### What to do
Every record below is to be restated word for word, and no picture is to be copied.
Top of Available records
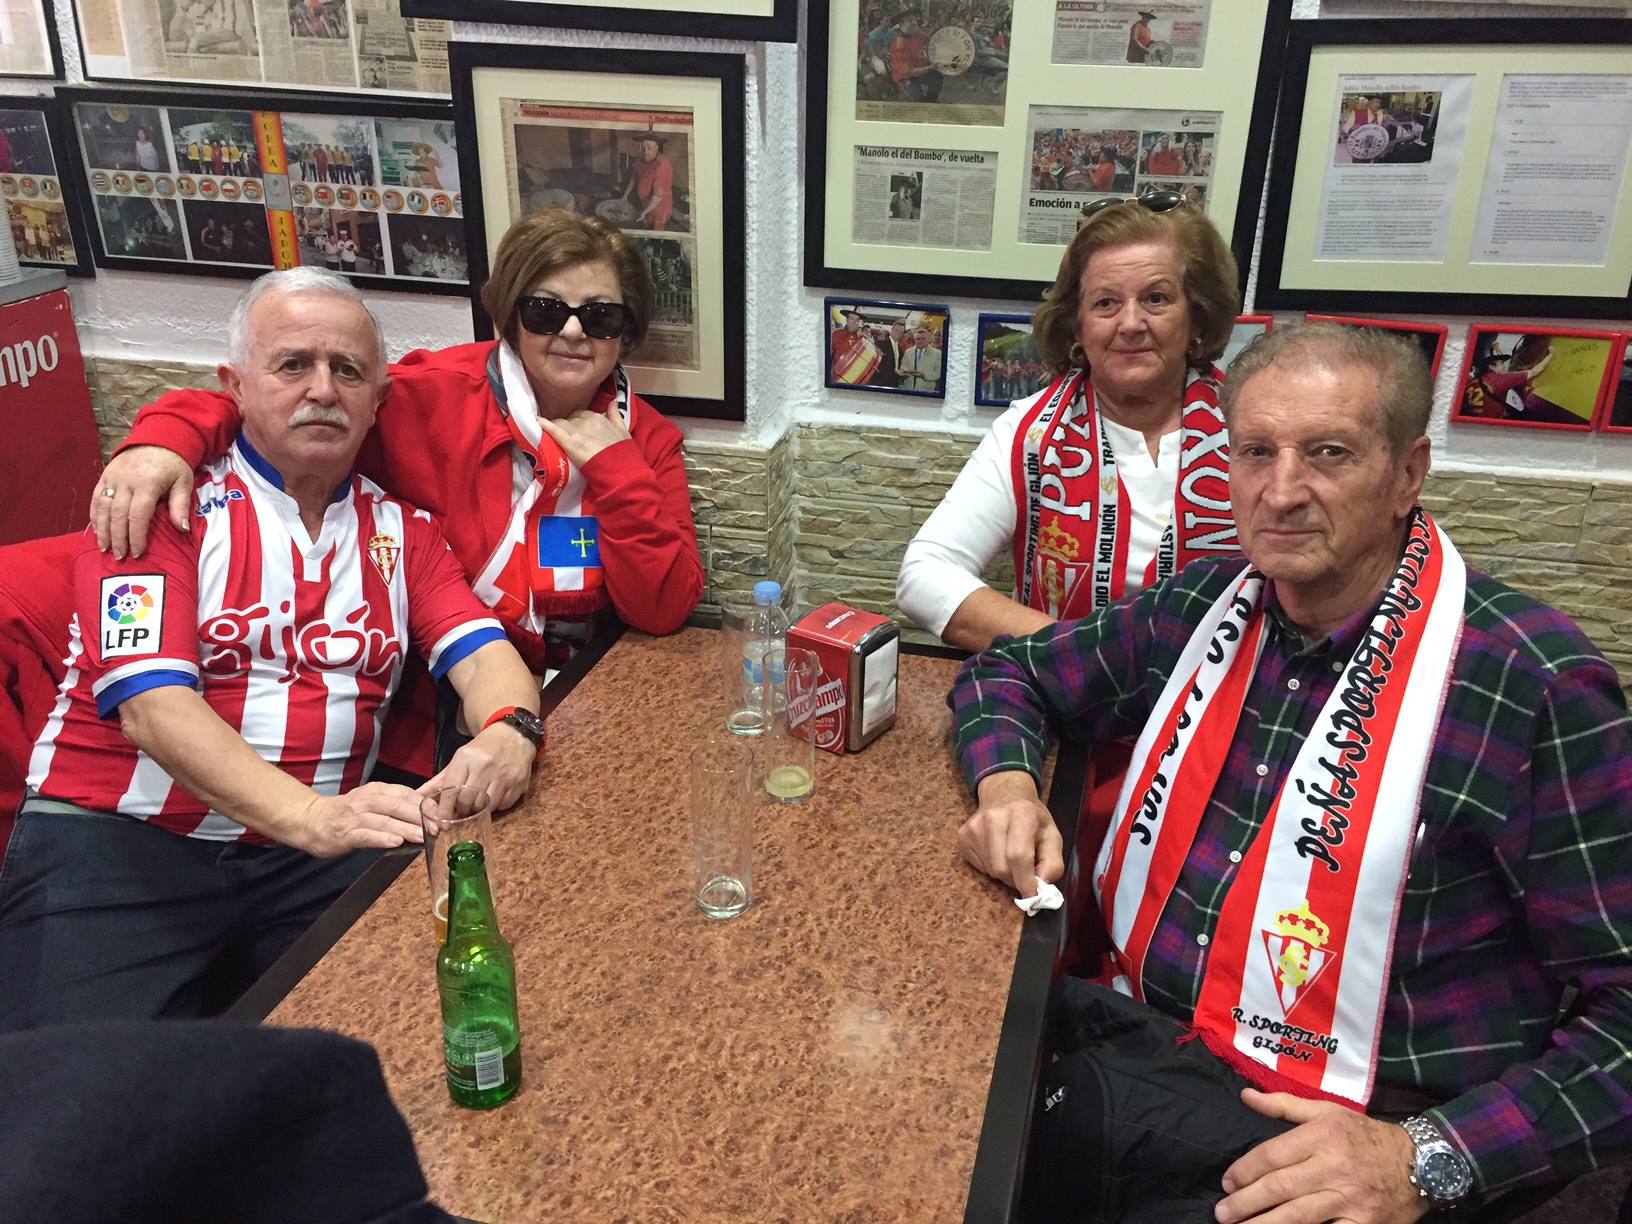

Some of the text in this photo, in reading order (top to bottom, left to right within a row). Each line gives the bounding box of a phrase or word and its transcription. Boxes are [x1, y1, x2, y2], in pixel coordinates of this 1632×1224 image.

[891, 149, 899, 158] el
[900, 149, 912, 159] del
[948, 152, 958, 162] de
[959, 153, 985, 163] vuelta
[1029, 197, 1080, 209] Emoción a
[1024, 452, 1041, 493] GIJÓN
[1030, 496, 1041, 513] DE
[1025, 515, 1041, 578] SPORTING
[1097, 503, 1117, 565] MOLINÓN
[1096, 567, 1110, 583] EL
[106, 627, 149, 650] LFP
[1294, 756, 1360, 873] PEÑA
[1232, 1007, 1339, 1054] R. SPORTING
[1252, 1035, 1313, 1062] GIJÓN
Bottom of Available records
### Answer space
Some of the text in this photo, in reading order (top to bottom, left to right within a row). Each line gives the bounding box of a phrase or word and its transcription. Boxes are [x1, y1, x2, y2], in pixel coordinates of this 1632×1224 image.

[891, 149, 899, 158] el
[900, 149, 912, 159] del
[948, 152, 958, 162] de
[959, 153, 985, 163] vuelta
[1029, 197, 1080, 209] Emoción a
[1024, 452, 1041, 493] GIJÓN
[1030, 496, 1041, 513] DE
[1025, 515, 1041, 578] SPORTING
[1097, 503, 1117, 565] MOLINÓN
[1096, 567, 1110, 583] EL
[106, 627, 149, 650] LFP
[1294, 756, 1360, 873] PEÑA
[1232, 1007, 1339, 1054] R. SPORTING
[1252, 1035, 1313, 1062] GIJÓN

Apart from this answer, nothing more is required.